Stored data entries

■ ■ ■ ■ ■ ■ ■

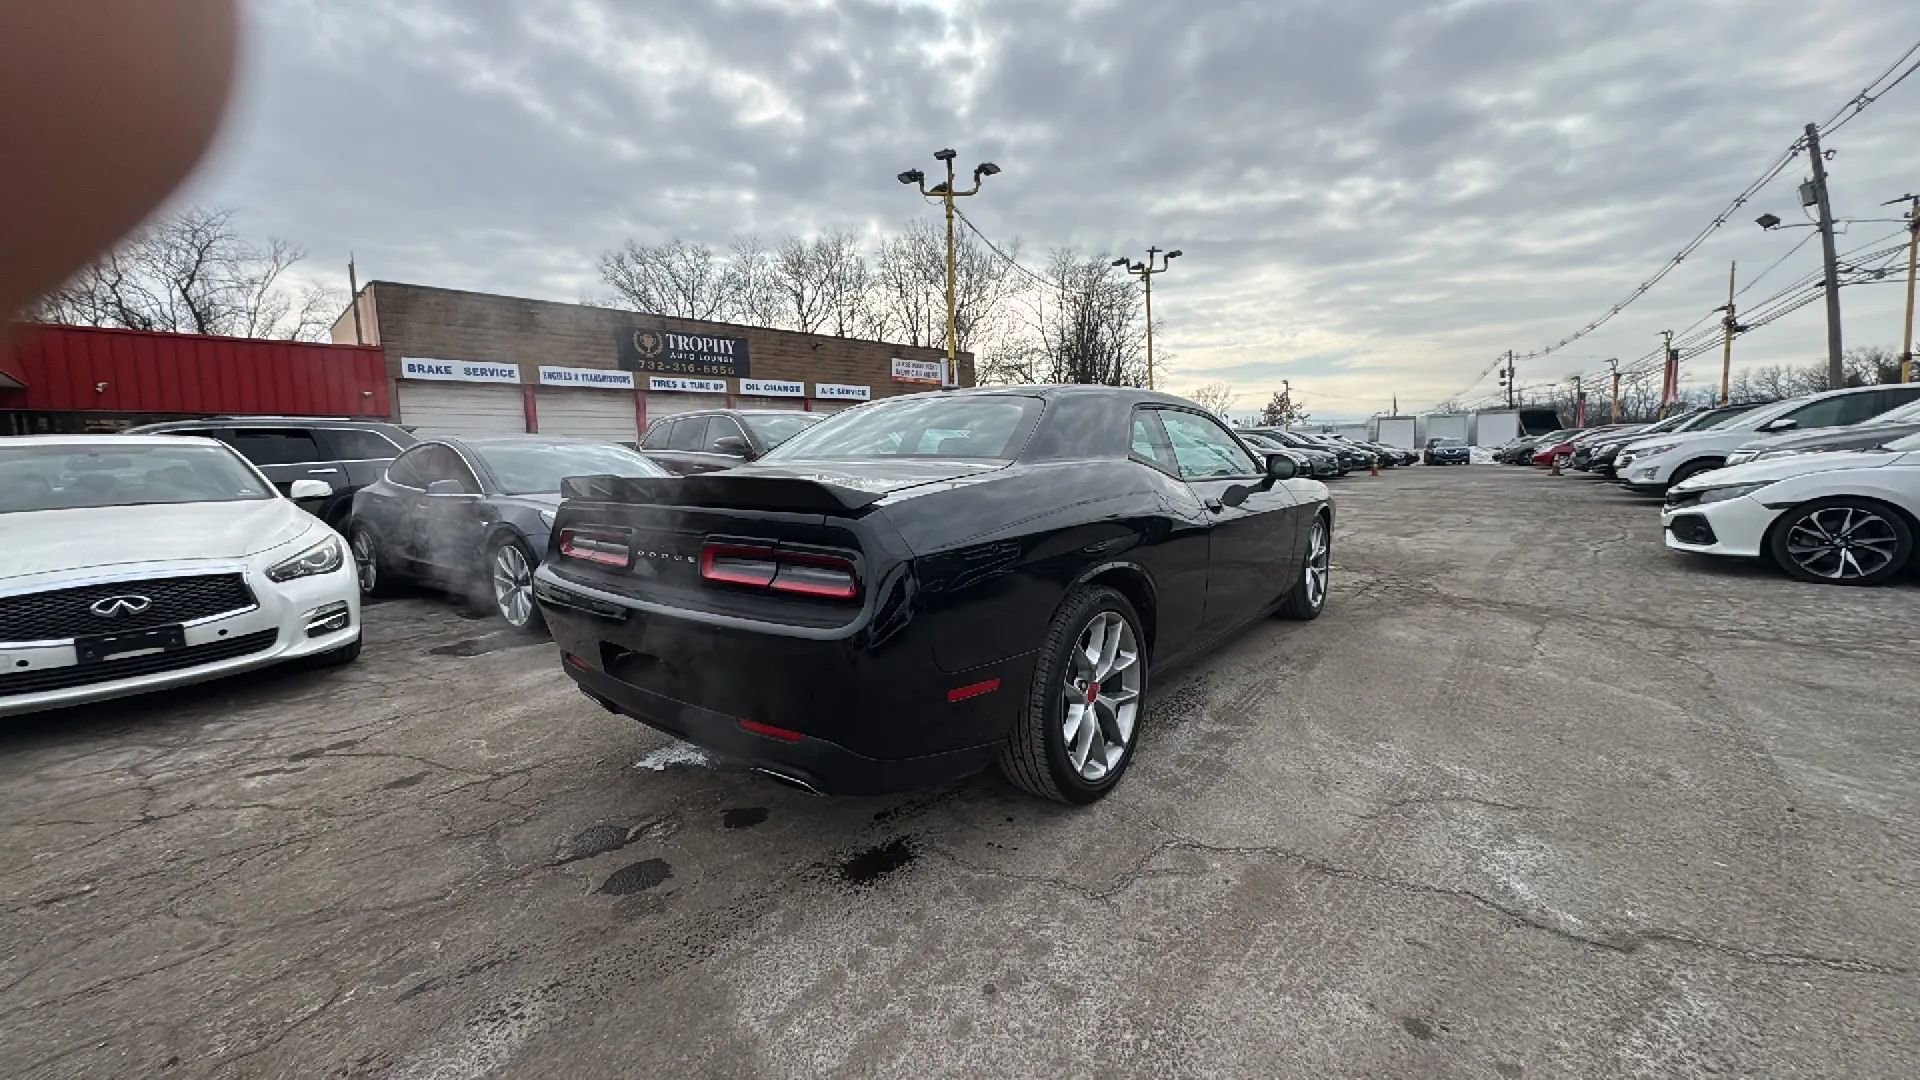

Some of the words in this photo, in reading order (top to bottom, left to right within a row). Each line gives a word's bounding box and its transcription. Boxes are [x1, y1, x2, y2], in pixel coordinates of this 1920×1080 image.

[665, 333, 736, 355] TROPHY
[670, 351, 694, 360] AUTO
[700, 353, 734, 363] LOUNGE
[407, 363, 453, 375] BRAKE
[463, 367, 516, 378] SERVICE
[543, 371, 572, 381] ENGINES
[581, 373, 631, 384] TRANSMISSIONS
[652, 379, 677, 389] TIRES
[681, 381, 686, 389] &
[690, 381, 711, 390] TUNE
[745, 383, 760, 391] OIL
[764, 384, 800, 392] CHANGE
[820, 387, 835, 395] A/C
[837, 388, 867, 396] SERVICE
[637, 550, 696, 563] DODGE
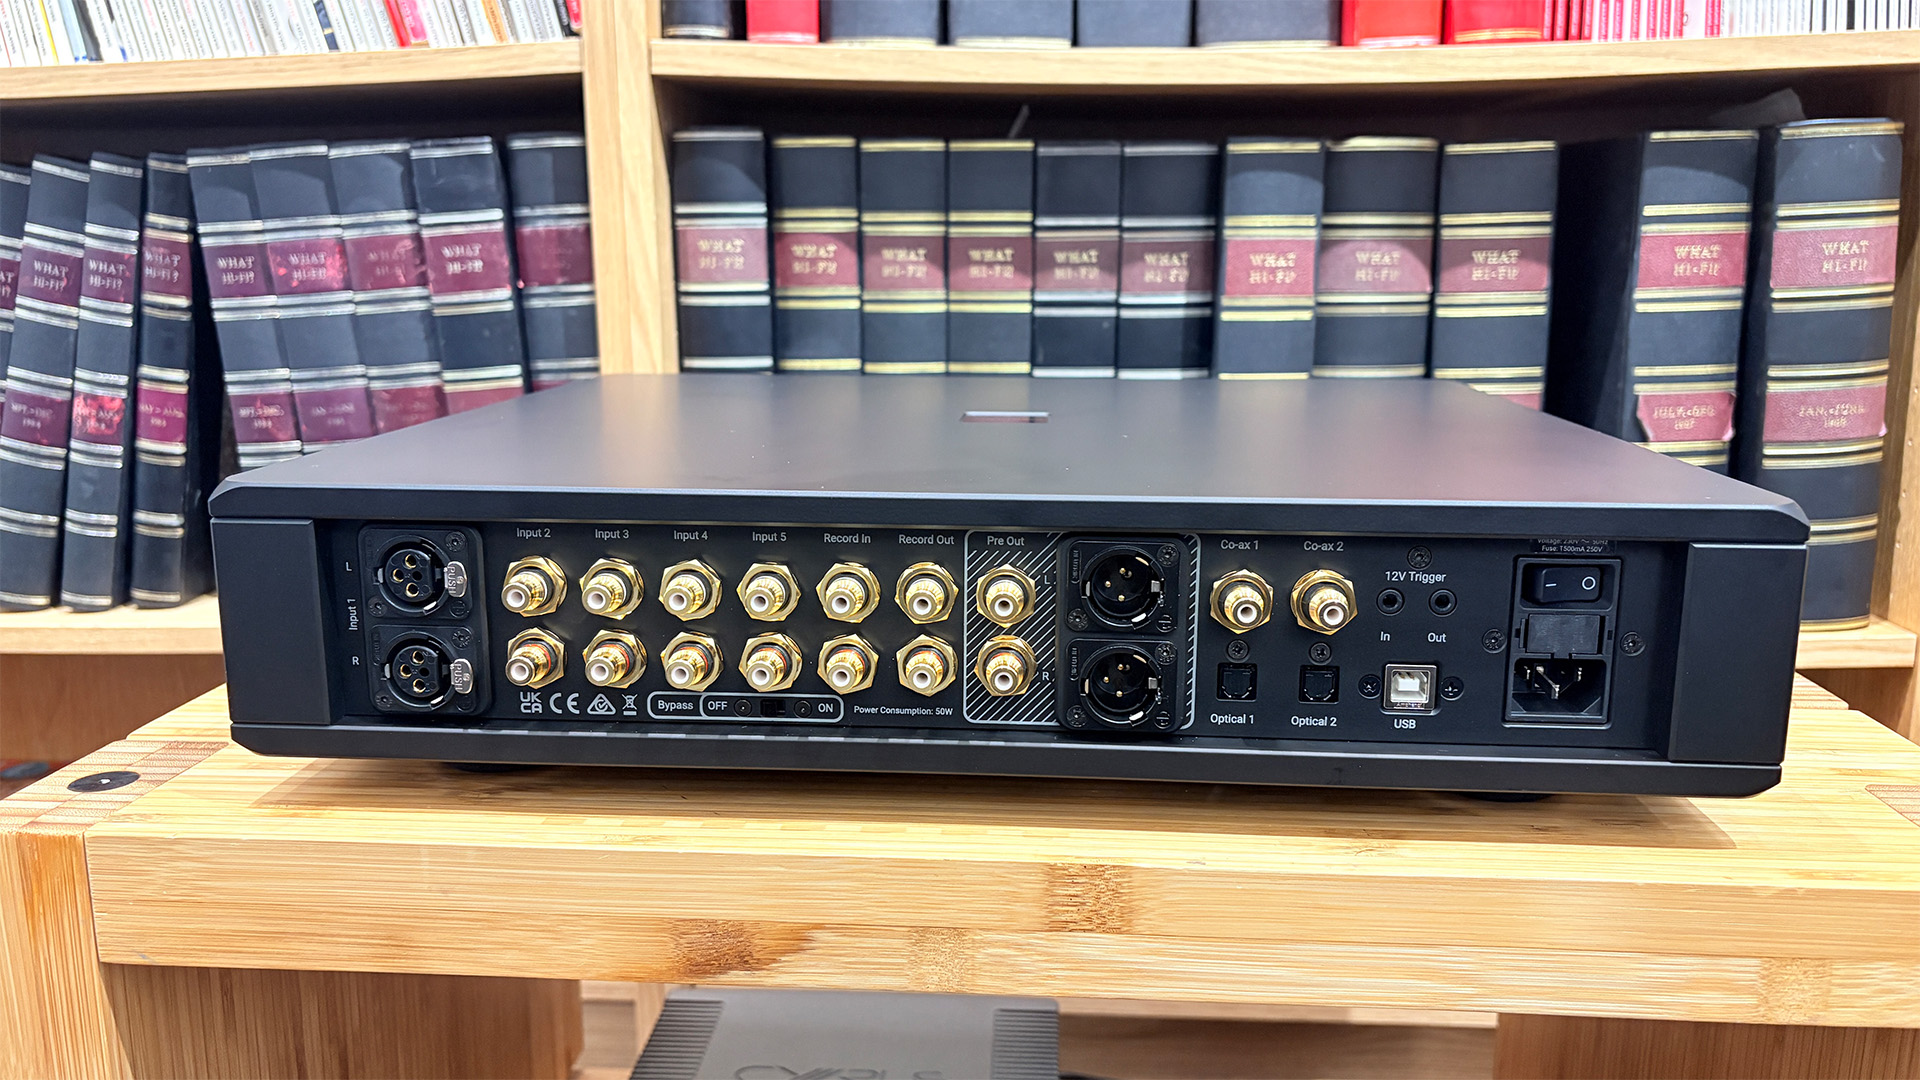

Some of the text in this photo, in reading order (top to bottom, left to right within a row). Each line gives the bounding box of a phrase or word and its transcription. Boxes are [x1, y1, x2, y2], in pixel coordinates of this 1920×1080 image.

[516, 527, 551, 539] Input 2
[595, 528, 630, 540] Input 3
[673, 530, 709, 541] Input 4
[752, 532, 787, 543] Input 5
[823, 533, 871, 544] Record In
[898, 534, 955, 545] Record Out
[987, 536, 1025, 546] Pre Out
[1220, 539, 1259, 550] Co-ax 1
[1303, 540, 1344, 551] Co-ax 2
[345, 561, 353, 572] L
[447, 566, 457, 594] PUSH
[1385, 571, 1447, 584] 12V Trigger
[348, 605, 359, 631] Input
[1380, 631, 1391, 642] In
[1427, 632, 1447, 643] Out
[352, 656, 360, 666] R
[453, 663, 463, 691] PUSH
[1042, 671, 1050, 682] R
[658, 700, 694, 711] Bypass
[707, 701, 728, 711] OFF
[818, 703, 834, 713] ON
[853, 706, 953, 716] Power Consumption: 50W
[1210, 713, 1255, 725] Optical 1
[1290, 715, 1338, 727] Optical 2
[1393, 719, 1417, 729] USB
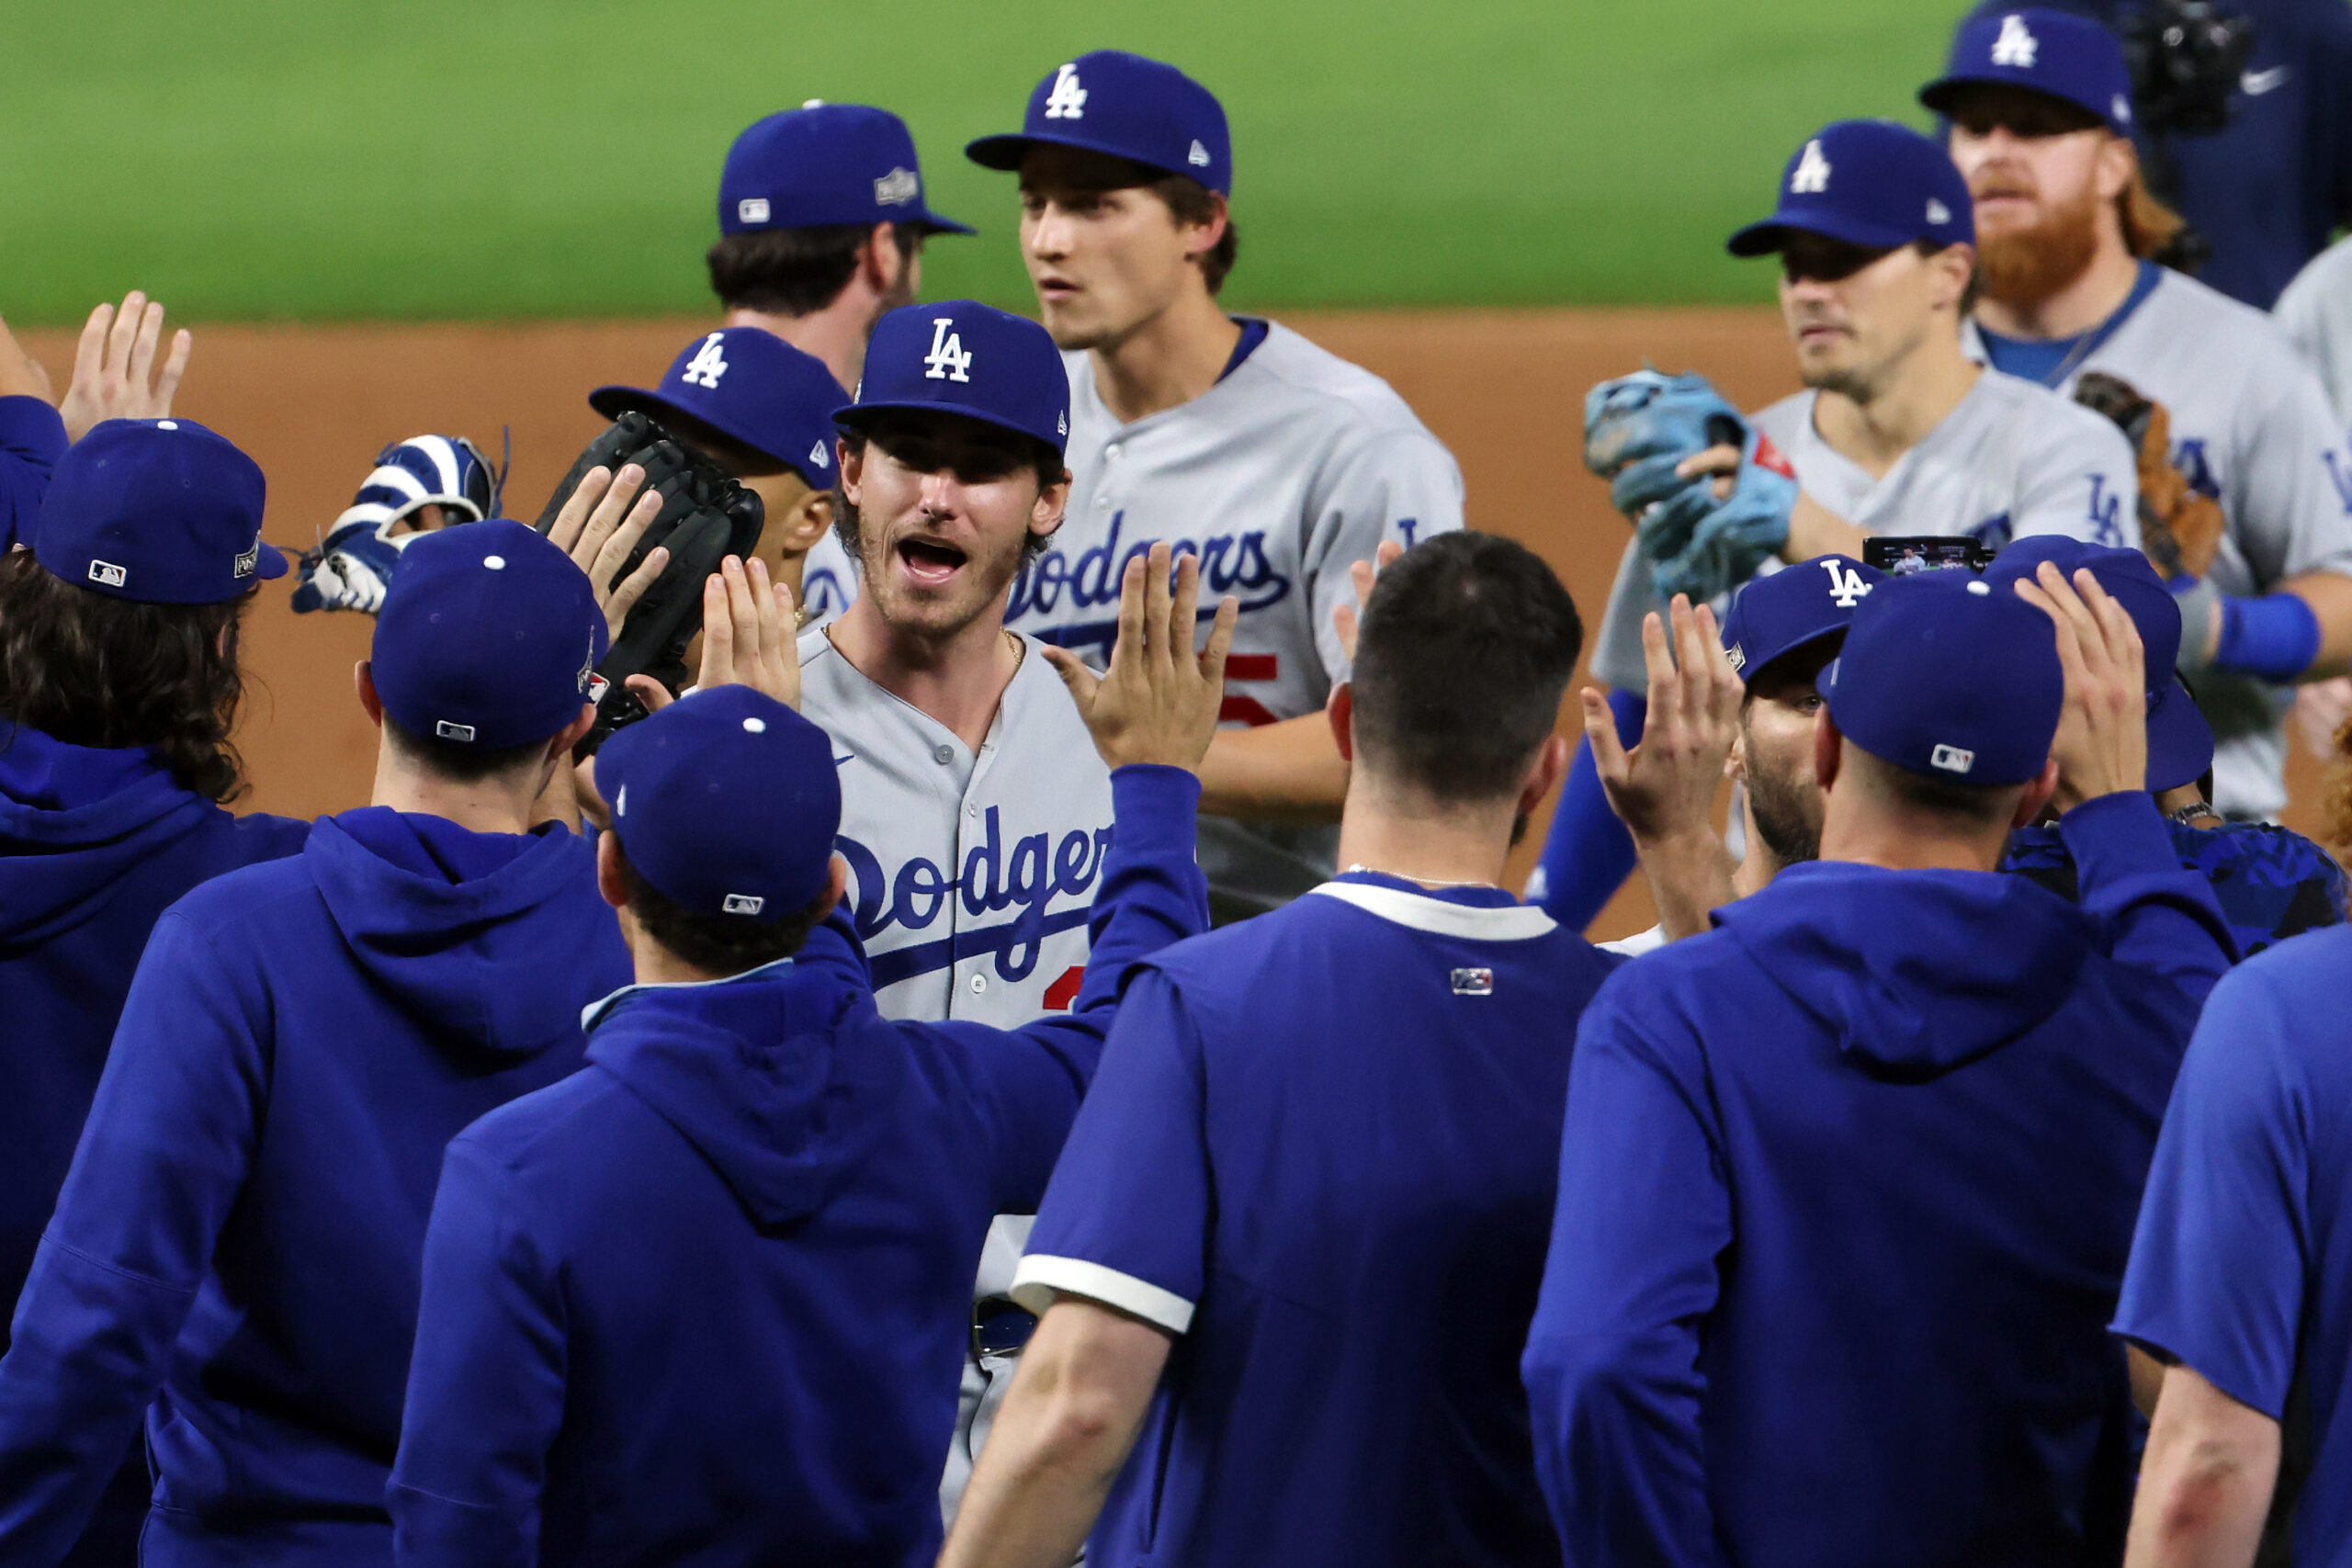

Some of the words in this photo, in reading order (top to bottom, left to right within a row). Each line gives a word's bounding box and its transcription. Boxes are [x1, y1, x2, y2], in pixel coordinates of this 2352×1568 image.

■ ■ ■ ■ ■ ■ ■

Please give an exact printout of all the records, pictures aside.

_Task output:_
Some of the words in this photo, in reading order (top to bottom, left to right within a row). Each line gives a word's bounding box and its transcription. Boxes are [x1, y1, x2, y2], in pixel coordinates of this 1920×1080 image.

[665, 333, 736, 355] TROPHY
[670, 351, 694, 360] AUTO
[700, 353, 734, 363] LOUNGE
[407, 363, 453, 375] BRAKE
[463, 367, 516, 378] SERVICE
[543, 371, 572, 381] ENGINES
[581, 373, 631, 384] TRANSMISSIONS
[652, 379, 677, 389] TIRES
[681, 381, 686, 389] &
[690, 381, 711, 390] TUNE
[745, 383, 760, 391] OIL
[764, 384, 800, 392] CHANGE
[820, 387, 835, 395] A/C
[837, 388, 867, 396] SERVICE
[637, 550, 696, 563] DODGE

Some of the text in this photo, in reading order (top to bottom, left to right within a row). Each line gives the bounding box of a phrase or word and its transcription. Boxes are [x1, y1, x2, y2], in pixel coordinates of this 1920×1080 image.

[516, 527, 551, 539] Input 2
[595, 528, 630, 540] Input 3
[673, 530, 709, 541] Input 4
[752, 532, 787, 543] Input 5
[823, 533, 871, 544] Record In
[898, 534, 955, 545] Record Out
[987, 536, 1025, 546] Pre Out
[1220, 539, 1259, 550] Co-ax 1
[1303, 540, 1344, 551] Co-ax 2
[345, 561, 353, 572] L
[447, 566, 457, 594] PUSH
[1385, 571, 1447, 584] 12V Trigger
[348, 605, 359, 631] Input
[1380, 631, 1391, 642] In
[1427, 632, 1447, 643] Out
[352, 656, 360, 666] R
[453, 663, 463, 691] PUSH
[1042, 671, 1050, 682] R
[658, 700, 694, 711] Bypass
[707, 701, 728, 711] OFF
[818, 703, 834, 713] ON
[853, 706, 953, 716] Power Consumption: 50W
[1210, 713, 1255, 725] Optical 1
[1290, 715, 1338, 727] Optical 2
[1393, 719, 1417, 729] USB

Some of the words in this photo, in reading order (top to bottom, left to right within a row). Each line gives a word's bounding box and its transcription. Boxes are [x1, y1, x2, y2], in pixel coordinates of this 2352×1568 image.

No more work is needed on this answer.